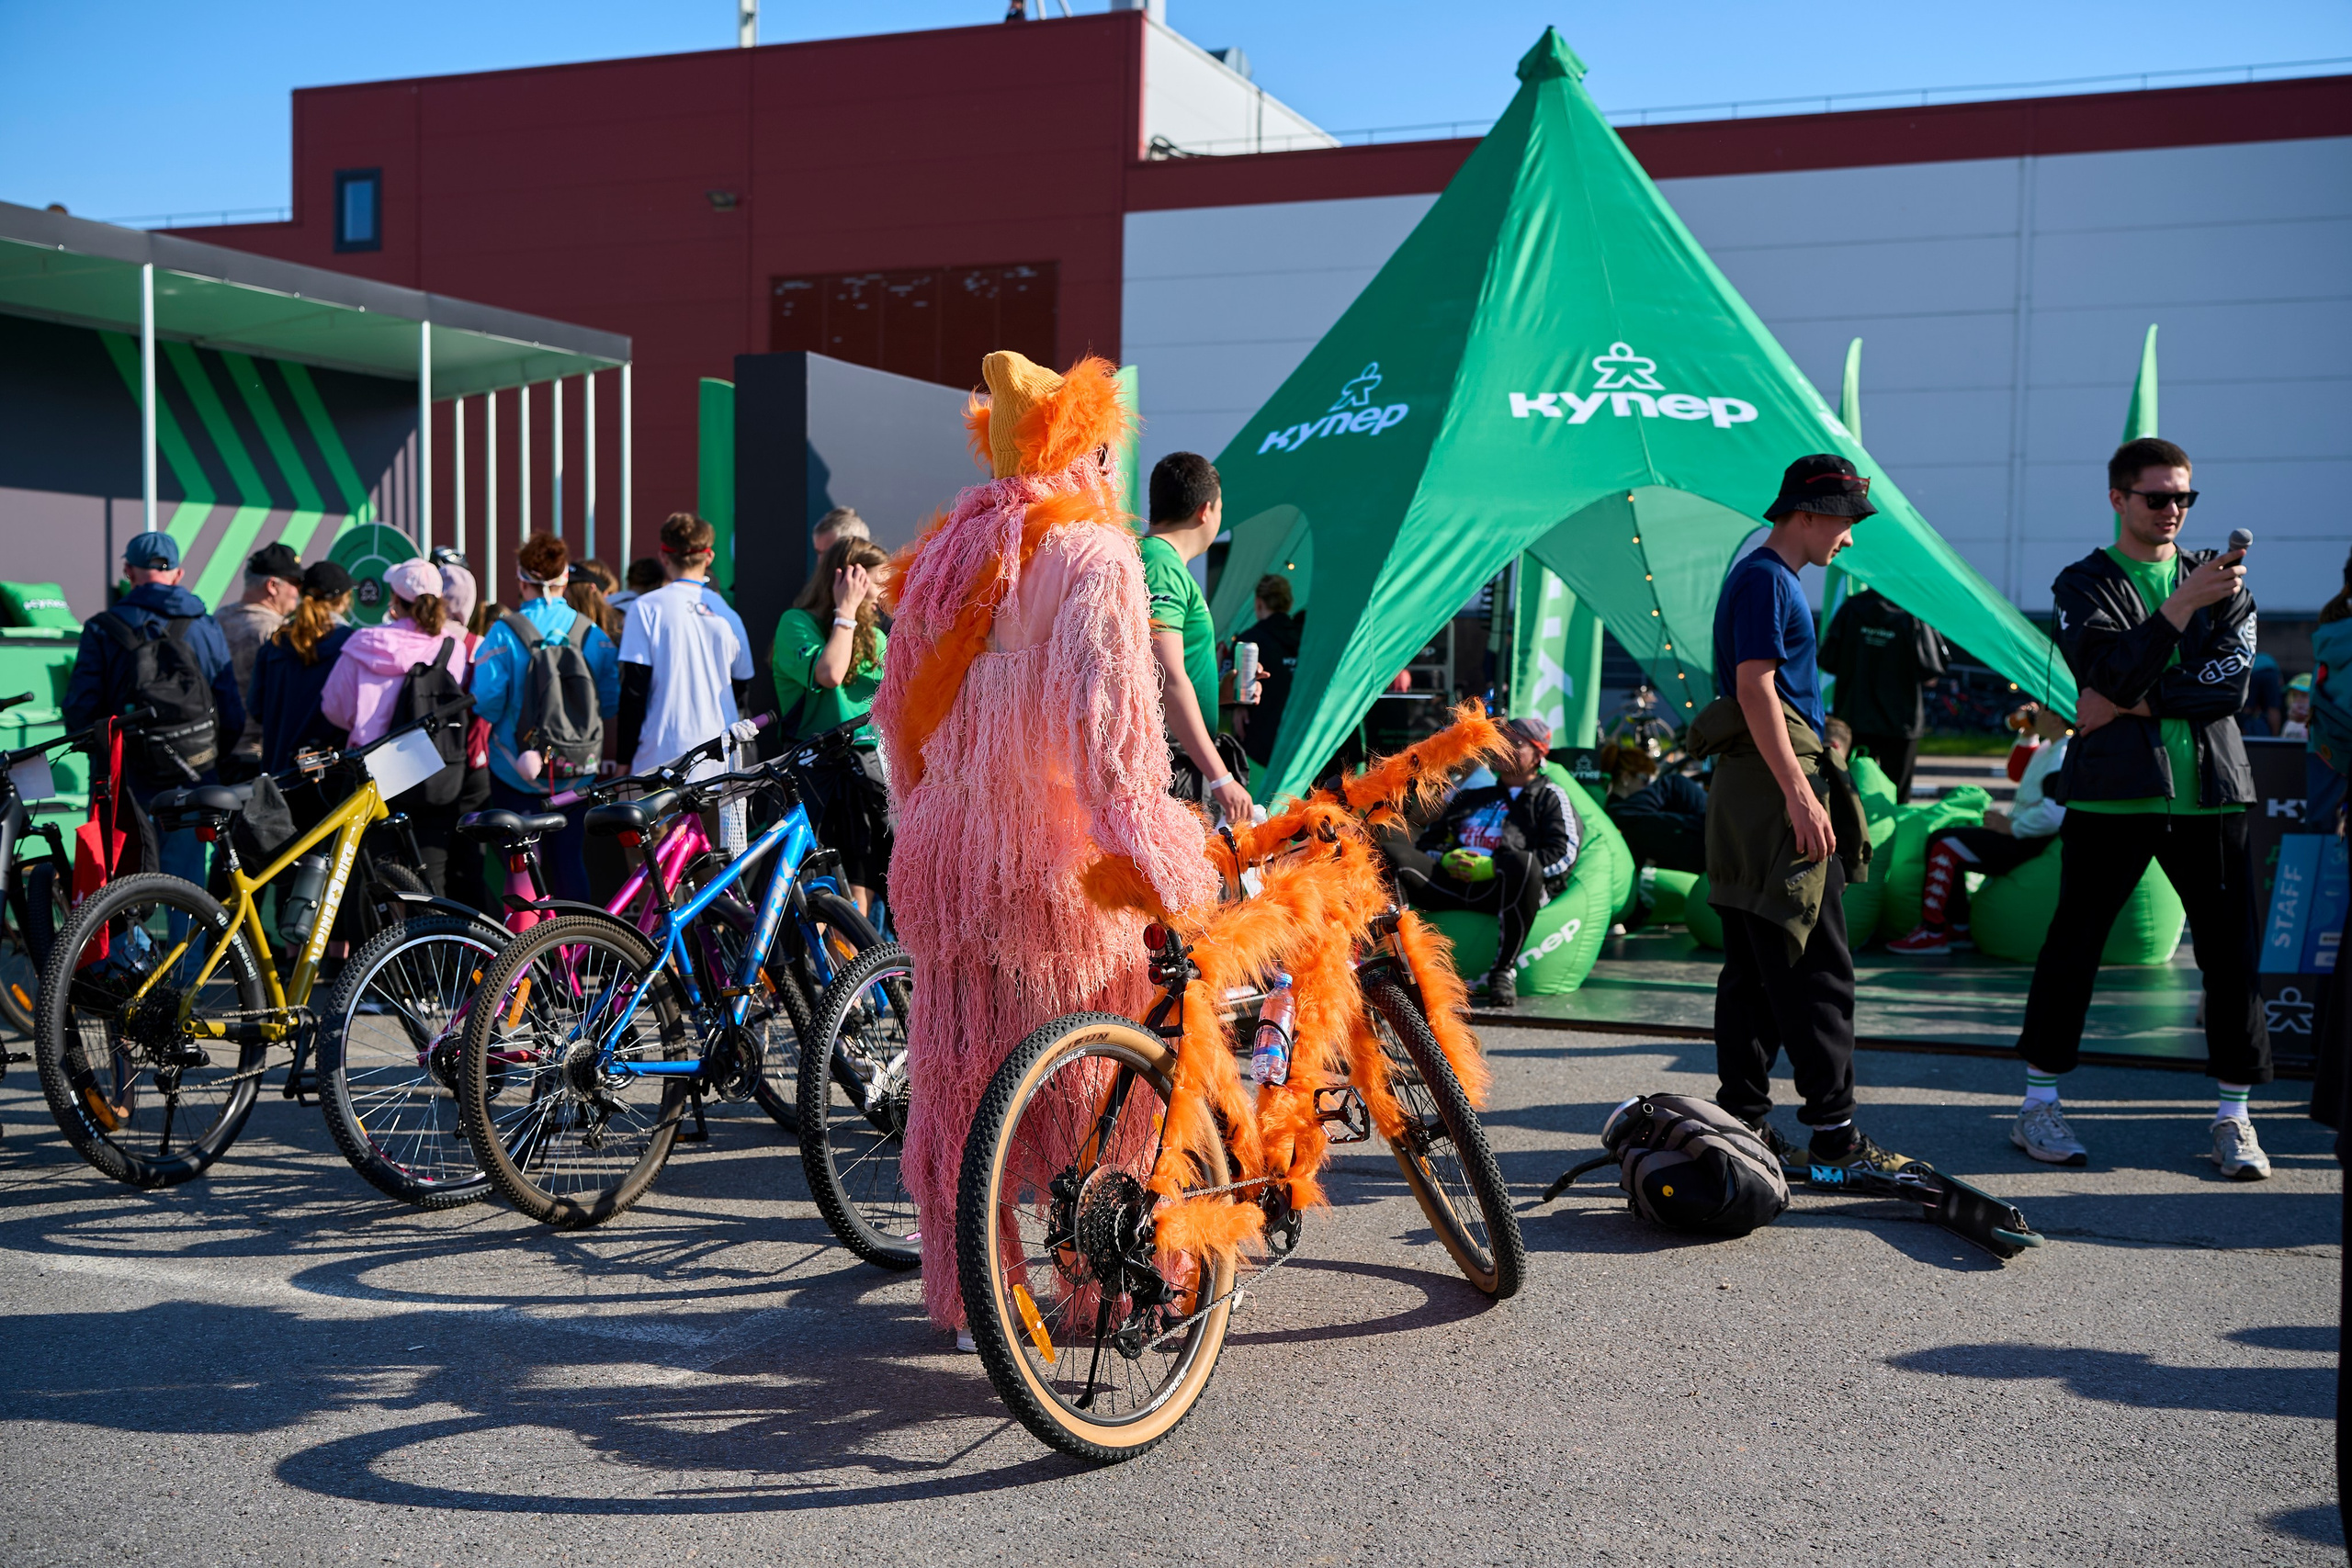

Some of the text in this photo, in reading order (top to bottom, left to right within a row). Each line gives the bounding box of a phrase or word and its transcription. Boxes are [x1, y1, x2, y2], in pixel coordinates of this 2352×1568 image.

[1256, 403, 1409, 455] купер
[1509, 391, 1758, 428] купер
[309, 840, 357, 965] ALPINE BIKE
[2273, 864, 2302, 948] STAFF
[1150, 1367, 1187, 1412] SOURCE
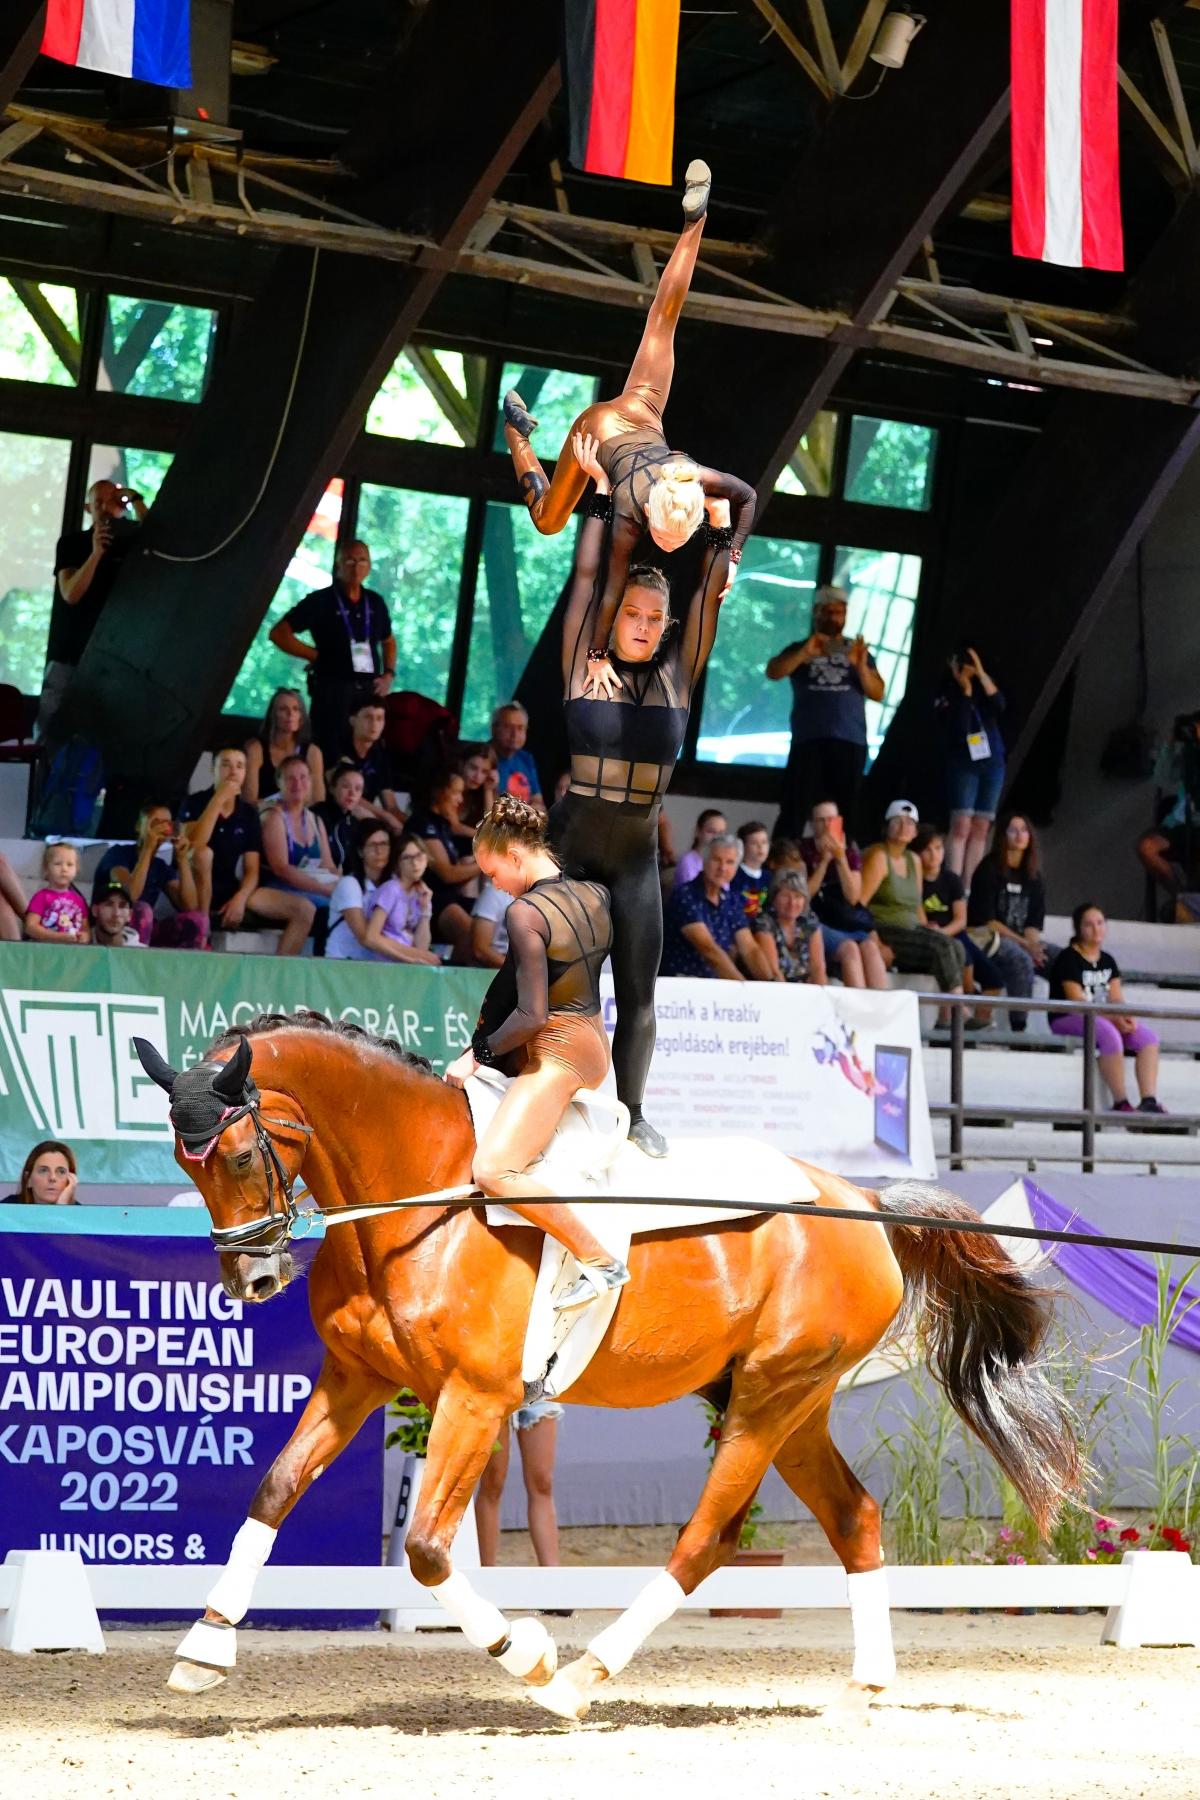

◆ **EXERCISE PROMPT**
Set every entry down again word for word, but not the pictures.

◆ **OUTPUT FOR THIS EXERCISE**
Some of the text in this photo, in reading order (top to bottom, left to right within a row). Each line gives the bounding box of a phrase or word and its transcription. Boxes are [x1, y1, x2, y2], in pixel coordinates of this 2352×1568 image.

[1256, 403, 1409, 455] купер
[1509, 391, 1758, 428] купер
[309, 840, 357, 965] ALPINE BIKE
[2273, 864, 2302, 948] STAFF
[1150, 1367, 1187, 1412] SOURCE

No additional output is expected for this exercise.